Peaches, when I copied your post and tried to answer it, I lost my answer so I'll just answer without copying it. I hope that's okay with you. Thank you for writing such a detailed, supportive post to me.
Yes, it helps to be able to write my feelings on PC since I can't email them. I've done all right with no emailing until I HAD to email for rescheduling my appointment. I couldn't resist my urges those two times.
Later on in your reply you wrote that you think my T doesn't want me to email because she'd rather I talk about the hard things in person. That's not true in my case. She doesn't want me to email (and I agree with her) because it reinforces my belief that she and I are more than T and client. I often see us as contemporaries, and I'm actually a lot older than she is, so that adds to the confusion. In some ways, I know more than she does, and I've had more years of therapy than she's had years of training! Our relationship has seemed more casual than with any of my other Ts.
So, combined with the transference where I do see her as a mother figure, emailing fuels my fantasies, as it's been told to me in the past. My T doesn't use those words, but she said "for the work we're doing, emailing isn't good for you." I know the work we're doing is for me NOT to think our relationship is anything other than professional. That's hard when she used to encourage me to email photos of my grandchildren or other scenic photos I've taken. I think I saw as my T and also a sort of friend. That's why it hurts so much now to know that's not true.

I have to view her as a professional. It's very painful. I know there's a middle ground but it's hard for me not to go beyond the middle over to the wrong side!
I didn't mean to write all that but I feel better now that I did.
About my Mom. Though she was there for me, something was wrong in our relationship or I wouldn't have the problems I did, and still do.

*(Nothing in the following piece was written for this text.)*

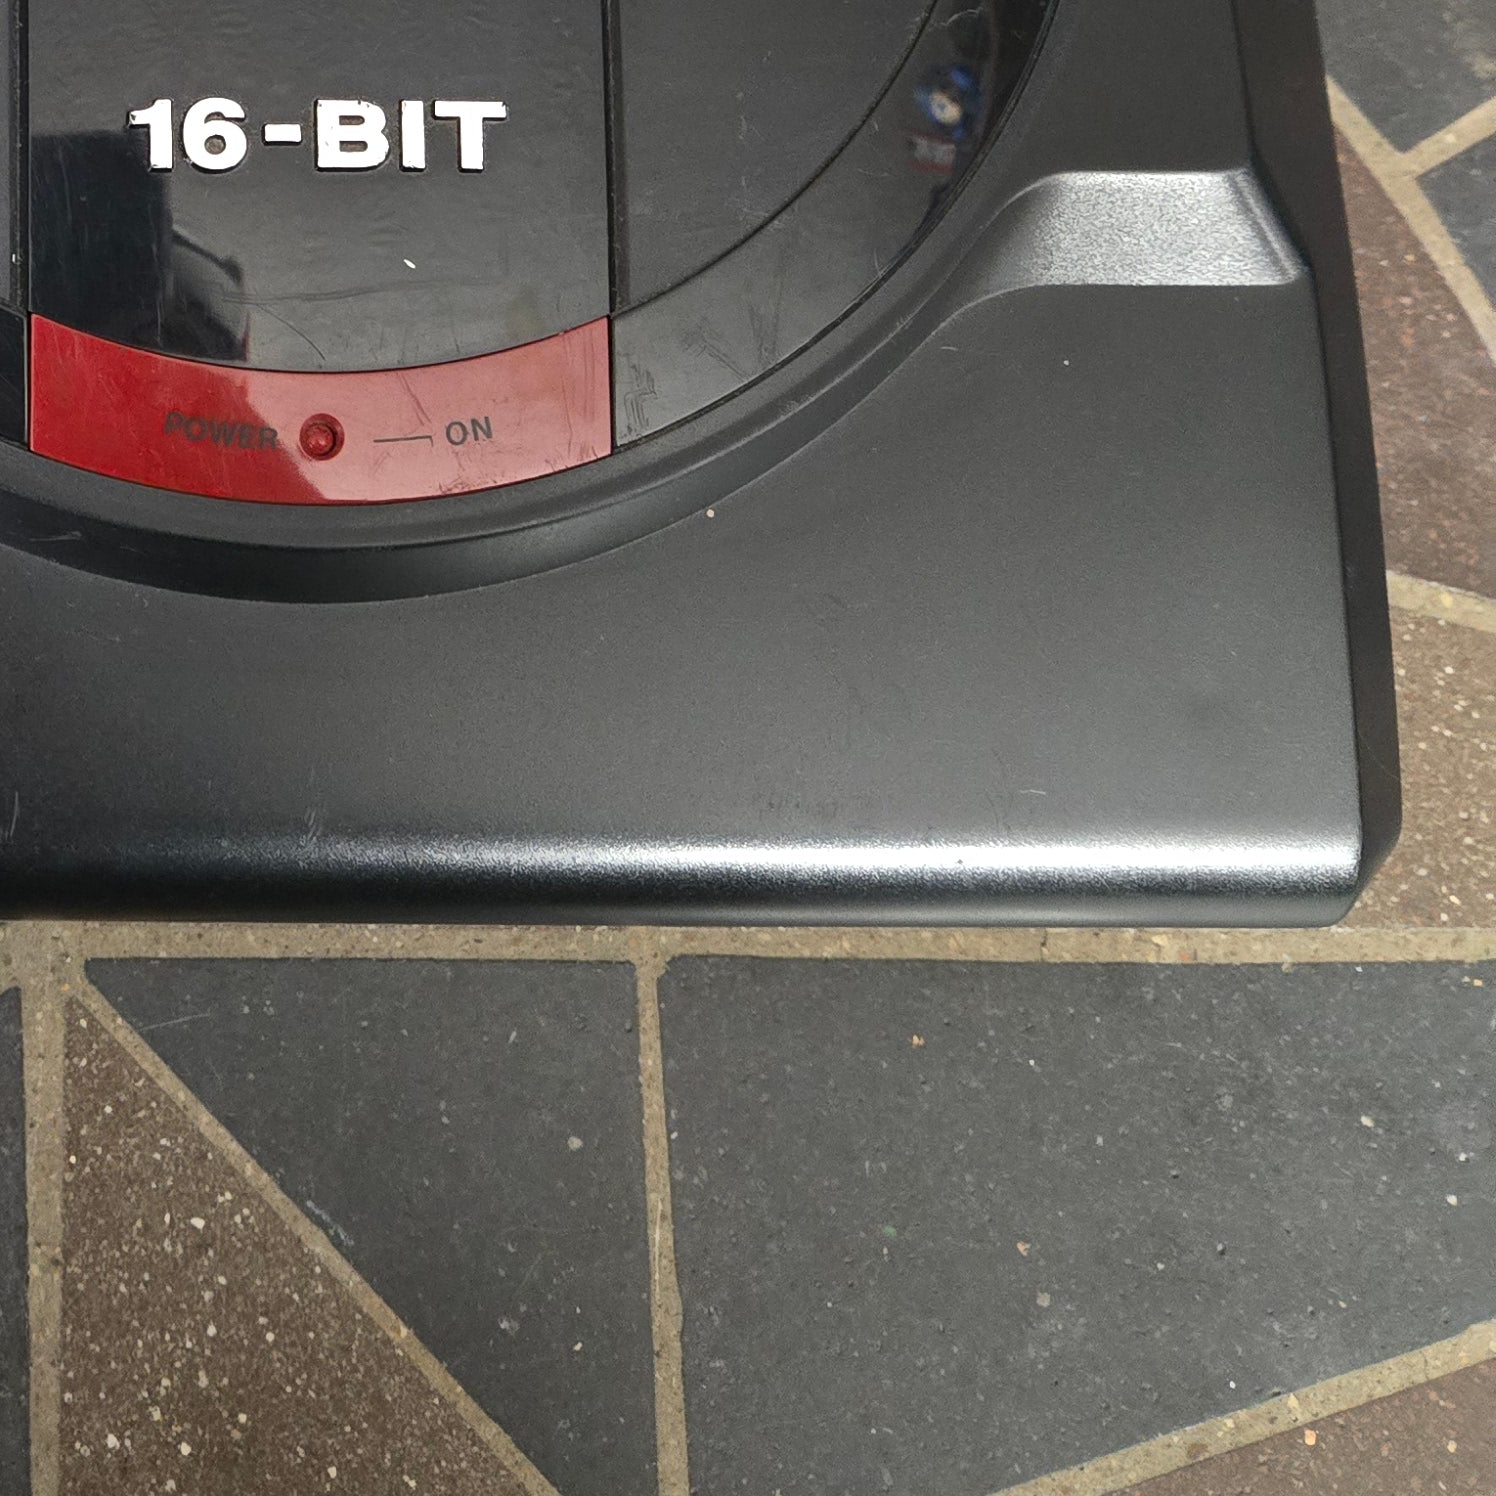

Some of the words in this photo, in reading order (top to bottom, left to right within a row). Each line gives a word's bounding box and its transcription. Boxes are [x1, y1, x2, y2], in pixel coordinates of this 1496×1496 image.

My needs were not totally met as an infant, and I didn't feel totally safe to confide in my mother as a child. I couldn't venture out and become independent either. My feelings were all bottled up inside of me. I did not share my feelings with my mother. I shared experiences, but not feelings.

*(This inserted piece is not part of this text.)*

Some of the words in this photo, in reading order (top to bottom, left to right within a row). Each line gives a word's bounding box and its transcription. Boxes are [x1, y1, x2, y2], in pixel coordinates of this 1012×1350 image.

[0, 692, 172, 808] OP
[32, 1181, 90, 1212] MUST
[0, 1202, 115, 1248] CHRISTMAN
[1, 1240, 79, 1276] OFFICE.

I am always sure that my T cares about me, and I do know that she can't listen to everything I have to say. No one can. I still want to write a book because then I can write it all out and if anyone wants to read it they can, or if they don't, they don't have to. My T doesn't have to hear all the details, and you're right, I don't want to hear everyone else's details, either.

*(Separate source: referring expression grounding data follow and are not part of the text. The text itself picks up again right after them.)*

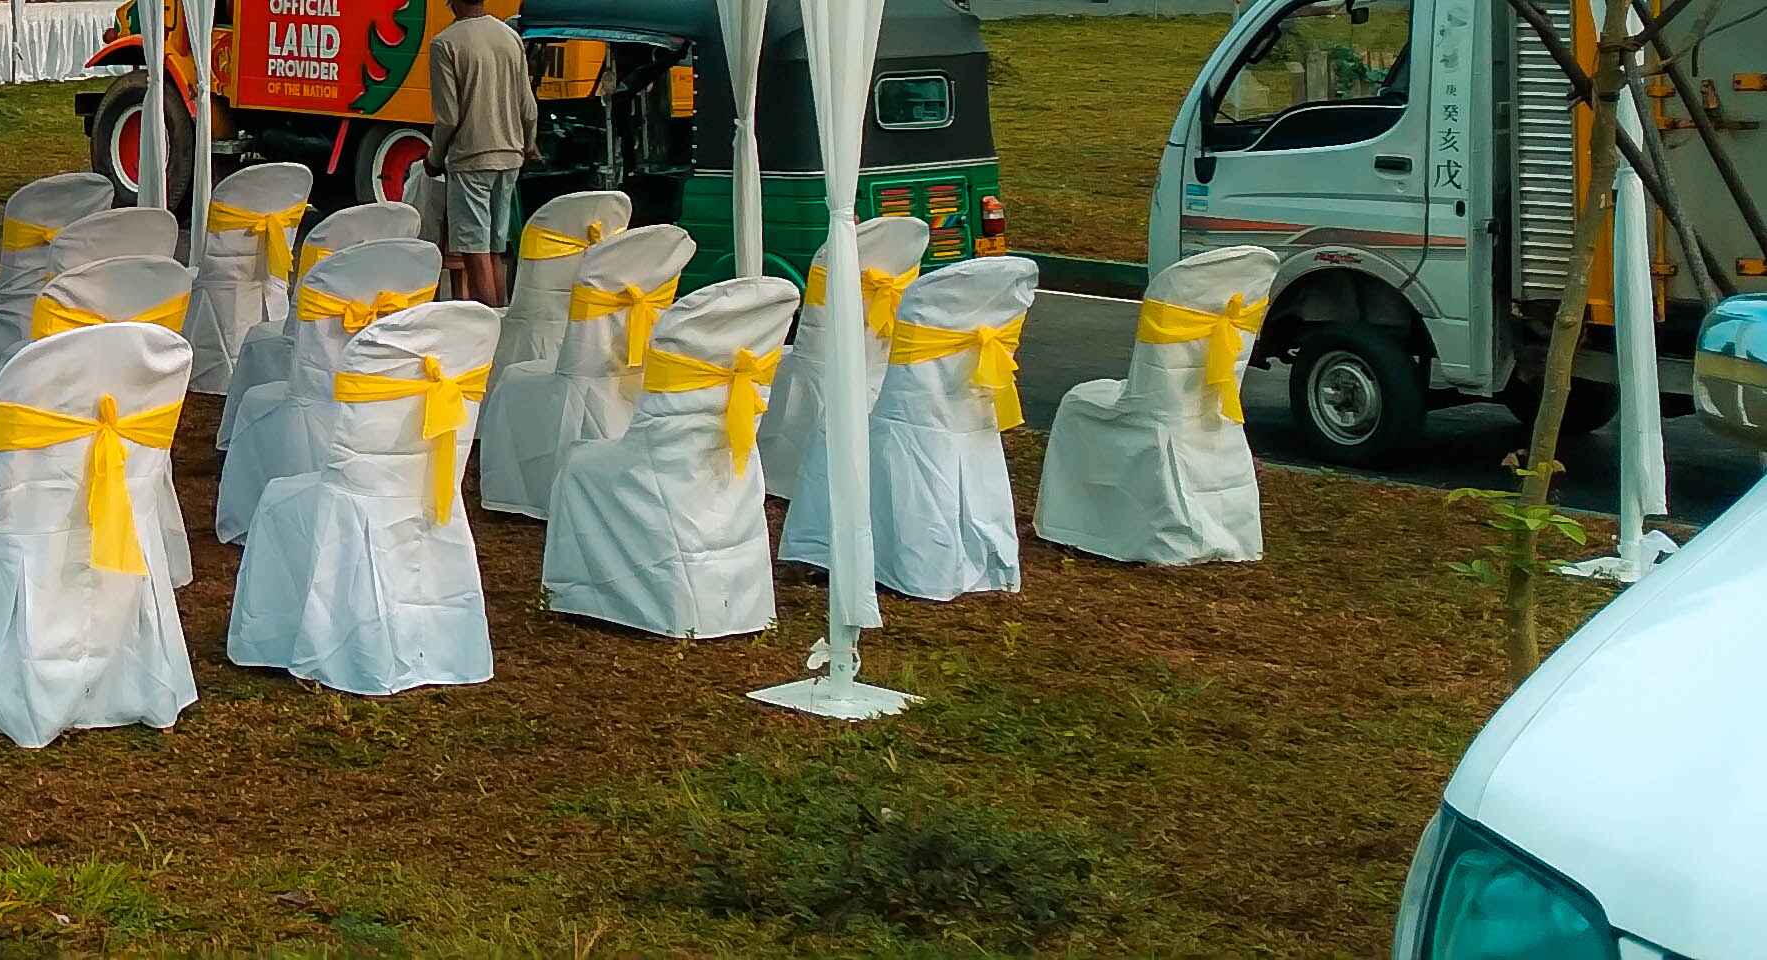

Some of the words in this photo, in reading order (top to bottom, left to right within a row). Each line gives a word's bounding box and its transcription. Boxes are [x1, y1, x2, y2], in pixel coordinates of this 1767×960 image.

[268, 21, 341, 59] LAND
[267, 58, 339, 81] PROVIDER
[267, 82, 282, 94] OF
[284, 82, 301, 97] THE
[303, 84, 338, 99] NATION

Yes, I will try to do that visualization again, at home. When I talked about wanting to be with my T, or "take her with me", as I told her, she brought up that visualization, so I did it. I don't know why I fight doing what she suggests. I think I want her to validate the transference instead of switching it to my mother.
Yes, I am starting to internalize my T so she doesn't have to be with me all the time. Not that she ever was there all the time. I don't shut down when I talk about my mother now, so there's progress in that area. In most of my other therapies, I never wanted to talk about her, or about her death.
Thank you, Peaches, for your continued support and for your post. I truly hope that it has helped you also. We're going to get through this!! I know we are.